Find the 20th term of the series 2 × 4 + 4 × 6 + 6 × 8 + … + n terms.

Q 23 | Page 200

Find the sum of the first n terms of the series: 3 + 7 + 13 + 21 + 31 + …

Q 24 | Page 200

If S1, S2, S3 are the sum of first n natural numbers, their squares and their cubes, respectively, show that  9S_2^2 = S_3(1 + 8S_1)

Q 25 | Page 200

Find the sum of the following series up to n terms 1^3/1 + (1^3 + 2^3)/(1+3) + (1^3 + 2^3 + 3^3)/(1 + 3 + 5) +...

Q 26 | Page 200

Show that  (1xx2^2 + 2xx3^2 + ...+nxx(n+1)^2)/(1^2 xx 2 + 2^2 xx3 + ... + n^2xx (n+1)) = (3n + 5)/(3n + 1)

Q 27 | Page 200

A farmer buys a used tractor for Rs 12000. He pays Rs 6000 cash and agrees to pay the balance in annual installments of Rs 500 plus 12% interest on the unpaid amount. How much will be the tractor cost him?

Q 28 | Page 200

Shamshad Ali buys a scooter for Rs 22000. He pays Rs 4000 cash and agrees to pay the balance in annual installment of Rs 1000 plus 10% interest on the unpaid amount. How much will the scooter cost him?

Q 29 | Page 200

A person writes a letter to four of his friends. He asks each one of them to copy the letter and mail to four different persons with instruction that they move the chain similarly. Assuming that the chain is not broken and that it costs 50 paise to mail one letter. Find the amount spent on the postage when 8th set of letter is mailed.

Q 30 | Page 200

A man deposited Rs 10000 in a bank at the rate of 5% simple interest annually. Find the amount in 15th year since he deposited the amount and also calculate the total amount after 20 years.

Q 31 | Page 200

A manufacturer reckons that the value of a machine, which costs him Rs 15625, will depreciate each year by 20%. Find the estimated value at the end of 5 years.

Q 32 | Page 200

150 workers were engaged to finish a job in a certain number of days. 4 workers dropped out on second day, 4 more workers dropped out on third day and so on. It took 8 more days to finish the work. Find the number of days in which the work was completed.

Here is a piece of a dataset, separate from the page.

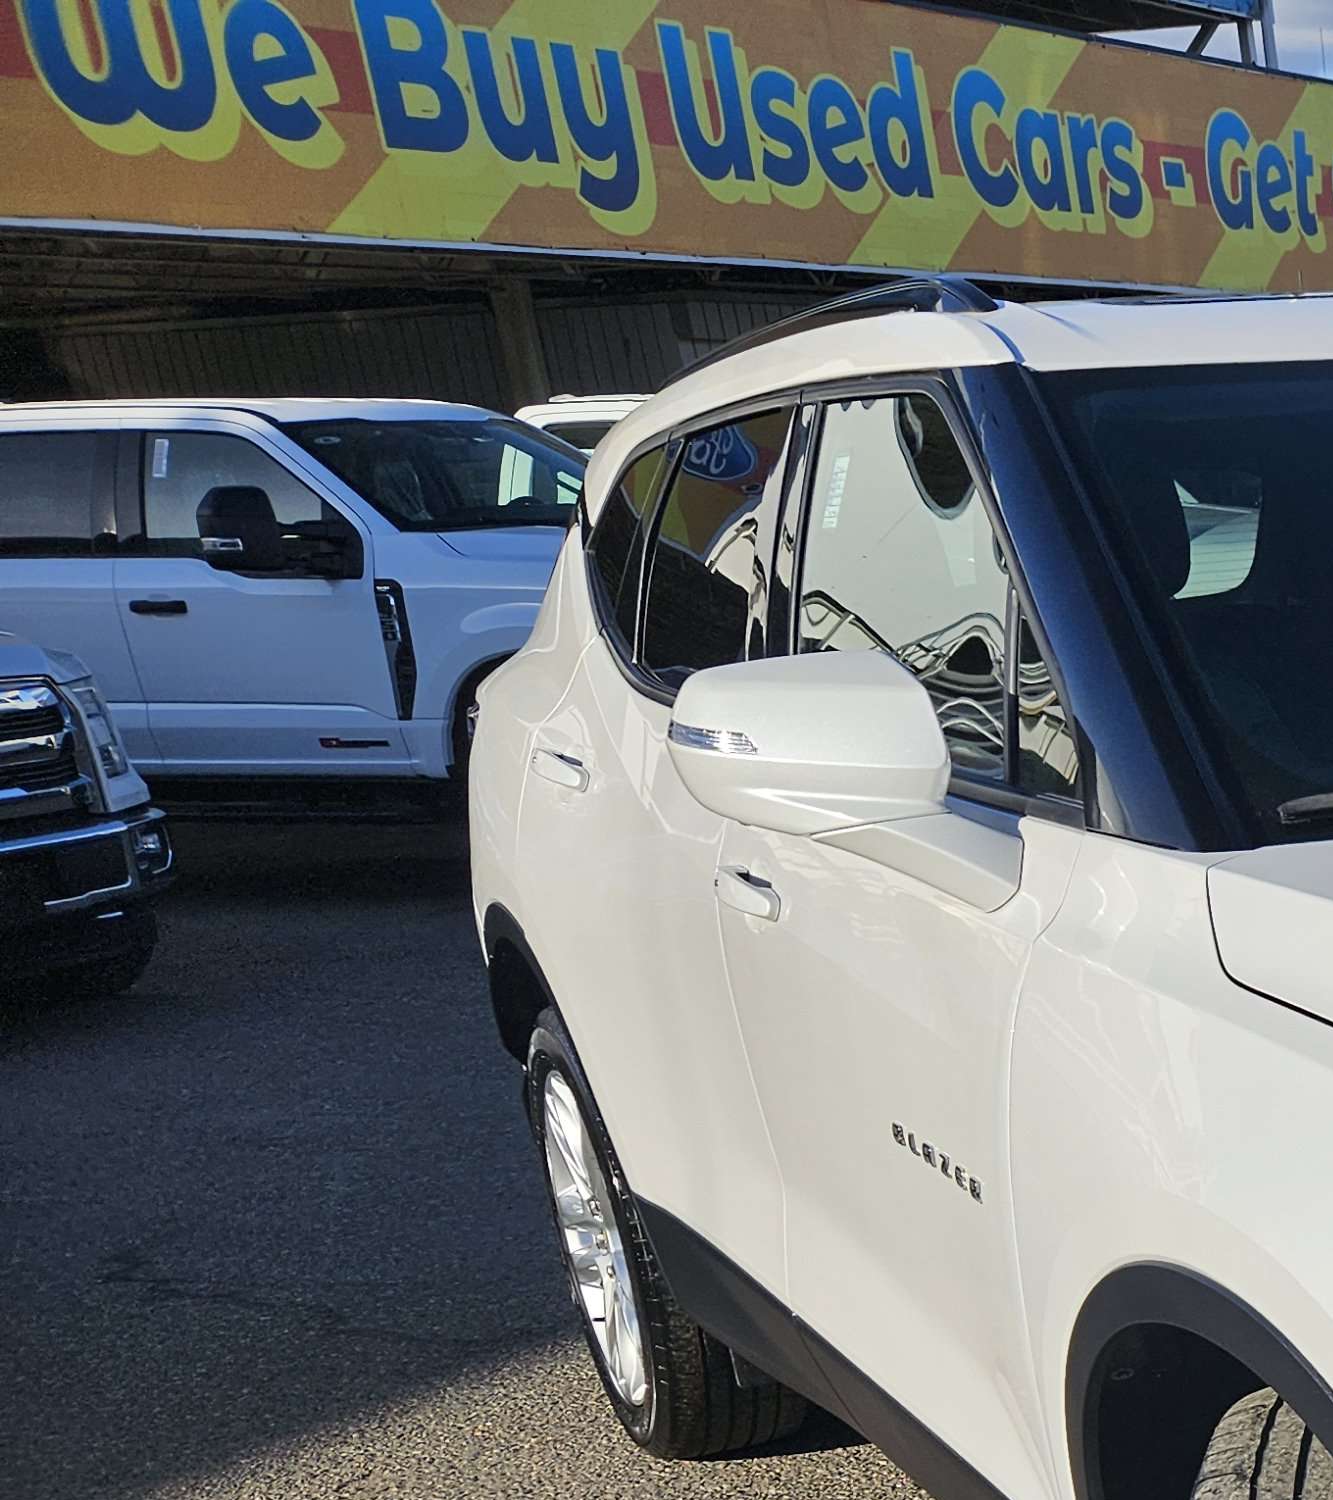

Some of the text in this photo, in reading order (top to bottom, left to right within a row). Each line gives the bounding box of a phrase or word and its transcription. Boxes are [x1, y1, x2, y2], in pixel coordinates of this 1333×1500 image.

## Chapter 9: Sequences and Series

#### NCERT Mathematics Class 11 ## NCERT solutions for Class 11 Mathematics chapter 9 - Sequences and Series

NCERT solutions for Class 11 Maths chapter 9 (Sequences and Series) include all questions with solution and detail explanation. This will clear students doubts about any question and improve application skills while preparing for board exams. The detailed, step-by-step solutions will help you understand the concepts better and clear your confusions, if any. Shaalaa.com has the CBSE Mathematics Textbook for Class 11 solutions in a manner that help students grasp basic concepts better and faster.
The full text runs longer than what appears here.